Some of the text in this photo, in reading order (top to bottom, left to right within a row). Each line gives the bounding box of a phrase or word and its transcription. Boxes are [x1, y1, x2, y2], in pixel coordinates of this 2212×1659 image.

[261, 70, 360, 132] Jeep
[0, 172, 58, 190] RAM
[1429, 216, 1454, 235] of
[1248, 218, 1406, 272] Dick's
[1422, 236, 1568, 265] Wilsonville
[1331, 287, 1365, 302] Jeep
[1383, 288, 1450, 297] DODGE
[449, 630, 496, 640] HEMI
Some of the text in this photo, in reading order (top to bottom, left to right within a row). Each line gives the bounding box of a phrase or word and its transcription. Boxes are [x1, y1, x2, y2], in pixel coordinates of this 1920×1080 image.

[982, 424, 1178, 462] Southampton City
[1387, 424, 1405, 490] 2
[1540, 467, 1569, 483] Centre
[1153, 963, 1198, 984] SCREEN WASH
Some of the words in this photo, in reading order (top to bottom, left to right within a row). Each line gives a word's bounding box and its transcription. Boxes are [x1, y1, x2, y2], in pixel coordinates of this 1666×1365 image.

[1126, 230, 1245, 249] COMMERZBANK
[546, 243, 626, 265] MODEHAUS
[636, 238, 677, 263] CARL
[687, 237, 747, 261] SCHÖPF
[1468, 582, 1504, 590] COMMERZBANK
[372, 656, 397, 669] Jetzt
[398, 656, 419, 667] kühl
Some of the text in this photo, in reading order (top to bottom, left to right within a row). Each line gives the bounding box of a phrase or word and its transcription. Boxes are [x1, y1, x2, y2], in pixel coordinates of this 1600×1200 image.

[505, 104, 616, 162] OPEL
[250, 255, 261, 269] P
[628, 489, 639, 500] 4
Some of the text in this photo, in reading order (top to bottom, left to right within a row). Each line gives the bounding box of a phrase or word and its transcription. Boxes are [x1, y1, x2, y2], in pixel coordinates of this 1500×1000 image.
★ ★ ★ ★ ★
Retype the material above, line by line, exactly.

== EXERCISE RESPONSE ==
Some of the text in this photo, in reading order (top to bottom, left to right within a row). Each line gives the bounding box of a phrase or word and its transcription. Boxes are [x1, y1, x2, y2], in pixel coordinates of this 2212×1659 image.

[261, 70, 360, 132] Jeep
[0, 172, 58, 190] RAM
[1429, 216, 1454, 235] of
[1248, 218, 1406, 272] Dick's
[1422, 236, 1568, 265] Wilsonville
[1331, 287, 1365, 302] Jeep
[1383, 288, 1450, 297] DODGE
[449, 630, 496, 640] HEMI
Some of the text in this photo, in reading order (top to bottom, left to right within a row). Each line gives the bounding box of a phrase or word and its transcription. Boxes are [x1, y1, x2, y2], in pixel coordinates of this 1920×1080 image.

[982, 424, 1178, 462] Southampton City
[1387, 424, 1405, 490] 2
[1540, 467, 1569, 483] Centre
[1153, 963, 1198, 984] SCREEN WASH
Some of the words in this photo, in reading order (top to bottom, left to right within a row). Each line gives a word's bounding box and its transcription. Boxes are [x1, y1, x2, y2], in pixel coordinates of this 1666×1365 image.

[1126, 230, 1245, 249] COMMERZBANK
[546, 243, 626, 265] MODEHAUS
[636, 238, 677, 263] CARL
[687, 237, 747, 261] SCHÖPF
[1468, 582, 1504, 590] COMMERZBANK
[372, 656, 397, 669] Jetzt
[398, 656, 419, 667] kühl
Some of the text in this photo, in reading order (top to bottom, left to right within a row). Each line gives the bounding box of a phrase or word and its transcription. Boxes are [x1, y1, x2, y2], in pixel coordinates of this 1600×1200 image.

[505, 104, 616, 162] OPEL
[250, 255, 261, 269] P
[628, 489, 639, 500] 4
Some of the text in this photo, in reading order (top to bottom, left to right within a row). Each line gives the bounding box of a phrase or word and its transcription. Boxes are [x1, y1, x2, y2], in pixel coordinates of this 1500×1000 image.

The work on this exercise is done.